Dalhousie College v. Boutilier
•    Boutilier does promise Dalhousie $5000.
•    Dalhousie, however, does not promise Boutilier anything.
o    Yes, they built building, etc., but they did not promise Boutilier that this would be in exhange for this $5000.
o    They promised him nothing – it was not a bargain; not something for something; not an exchange.
o    Even if these buildings, purchasers, etc., had been made on the strength of his promise, that does not retroactively convert his promise into a contract promise.
•    Subscription form:  Does Boutilier not say, “In consideration of the subscription of others…”?

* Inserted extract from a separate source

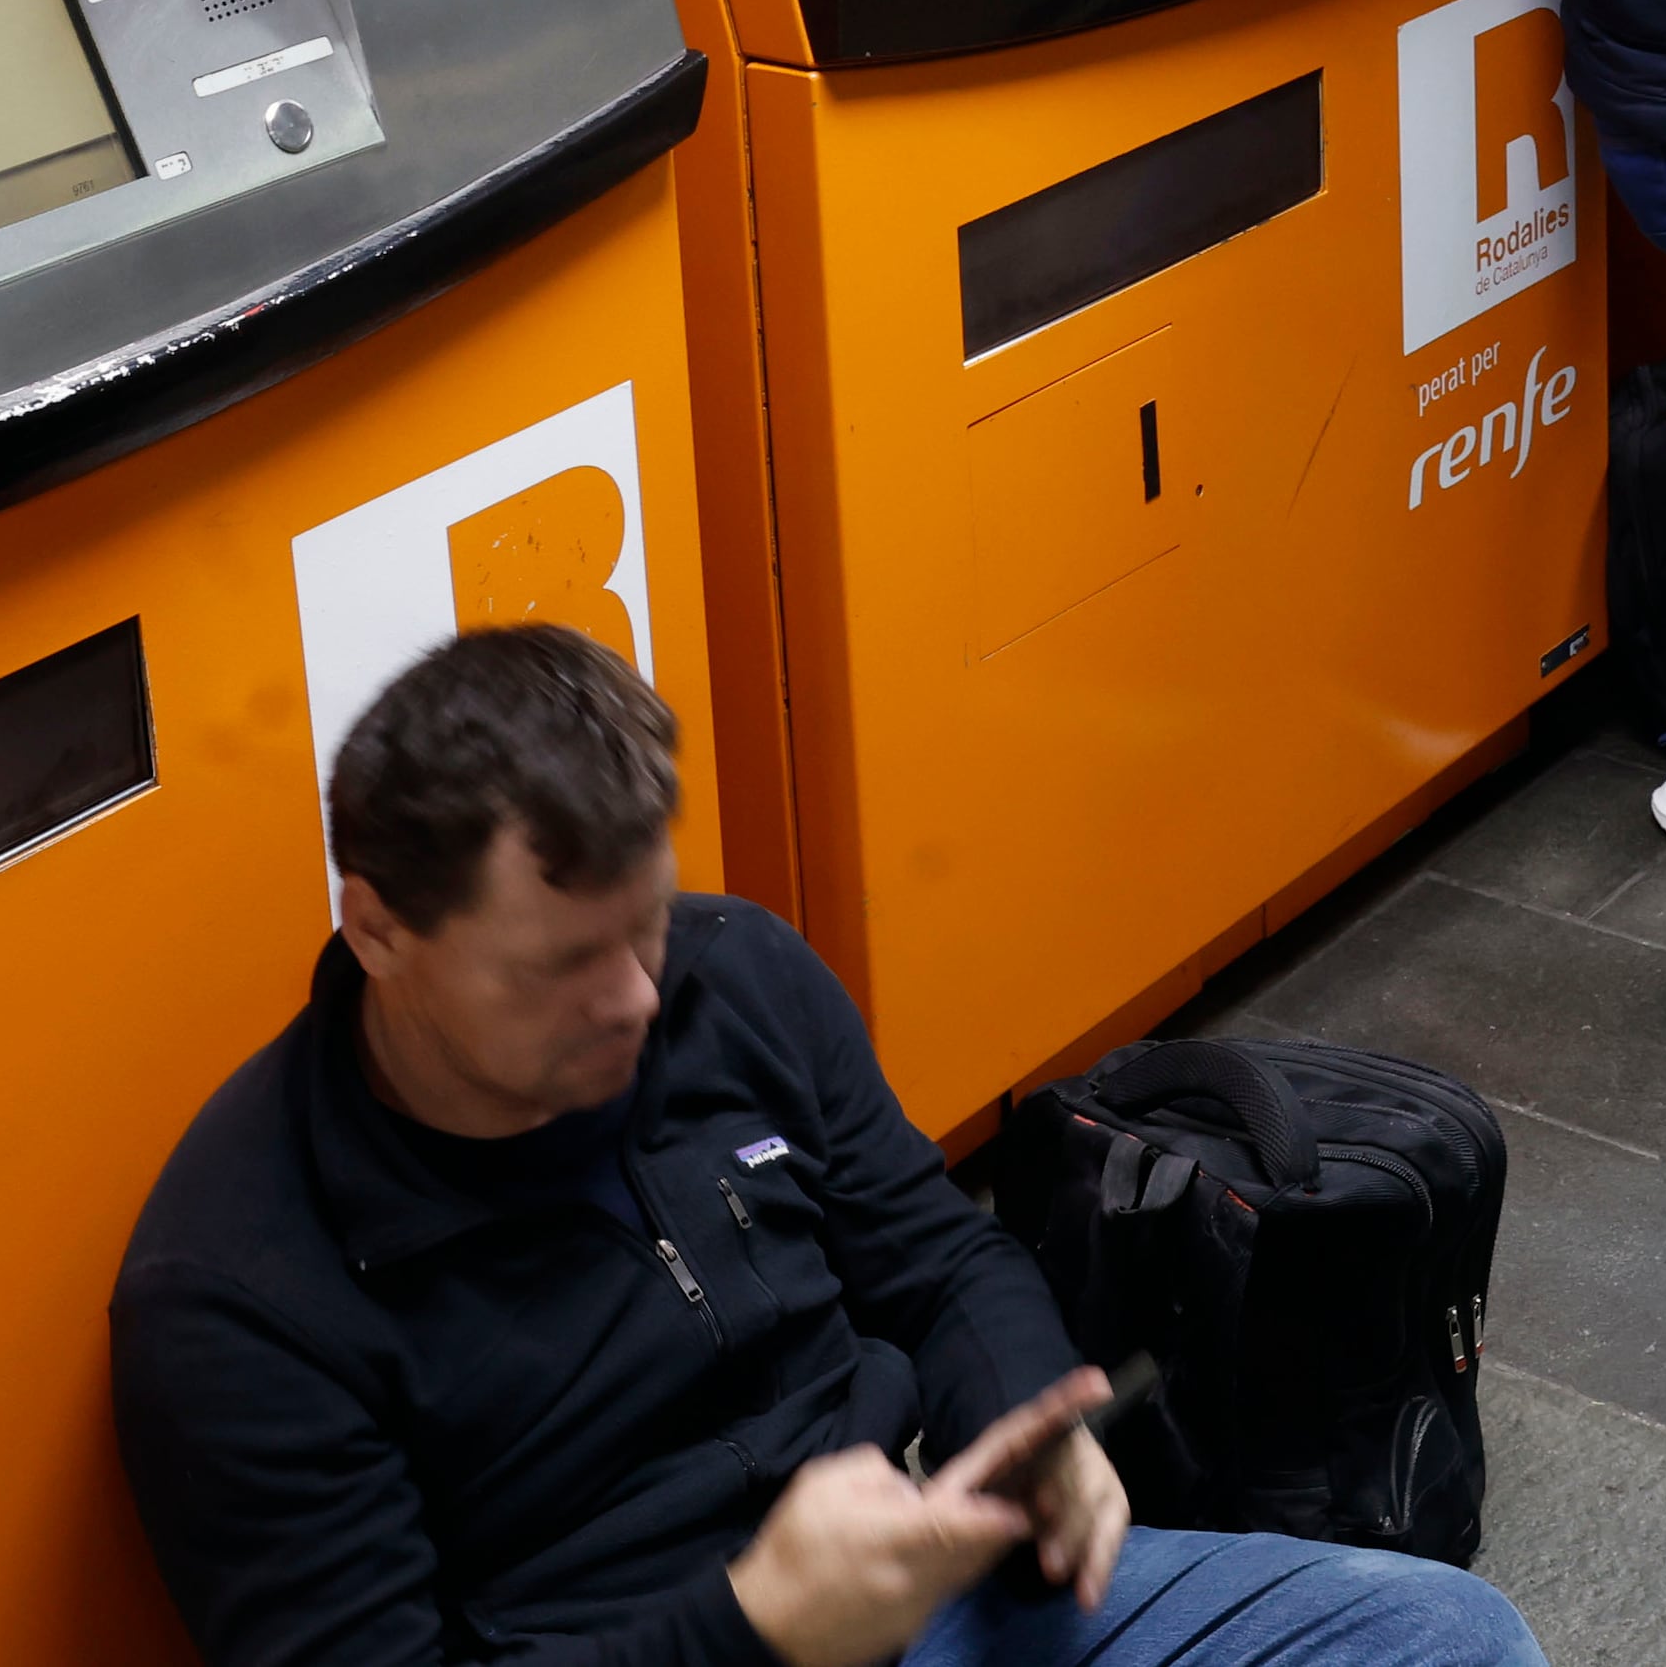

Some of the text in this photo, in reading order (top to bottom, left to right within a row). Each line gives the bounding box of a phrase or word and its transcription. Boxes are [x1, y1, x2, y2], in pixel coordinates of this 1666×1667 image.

o    Why is this not consideration?
•    His motivation is irrelevant.  Motive is not consideration.
•    They did not promise to rely on his $5000
o    Mere reliance
o    Only kind that matters is “bargained-for reliance” – if they had bargained their ability build buildings for his $5000, it might have been consideration.
•    The difference is how the parties treated the building of the building.
•    Dal did not do it in exachange for his $5000.
•    He promised, and they reacted by building the building – this is not  consideration.
**Nothing is consideration, unless the parties have handled it as consideration.**

“To hold otherwise would be to hold that a naked, voluntary promise may be converted into a binding legal contract by the subsequent action of the promisee alone without the consent, express or implied, of the promisor.” P 357 para 6.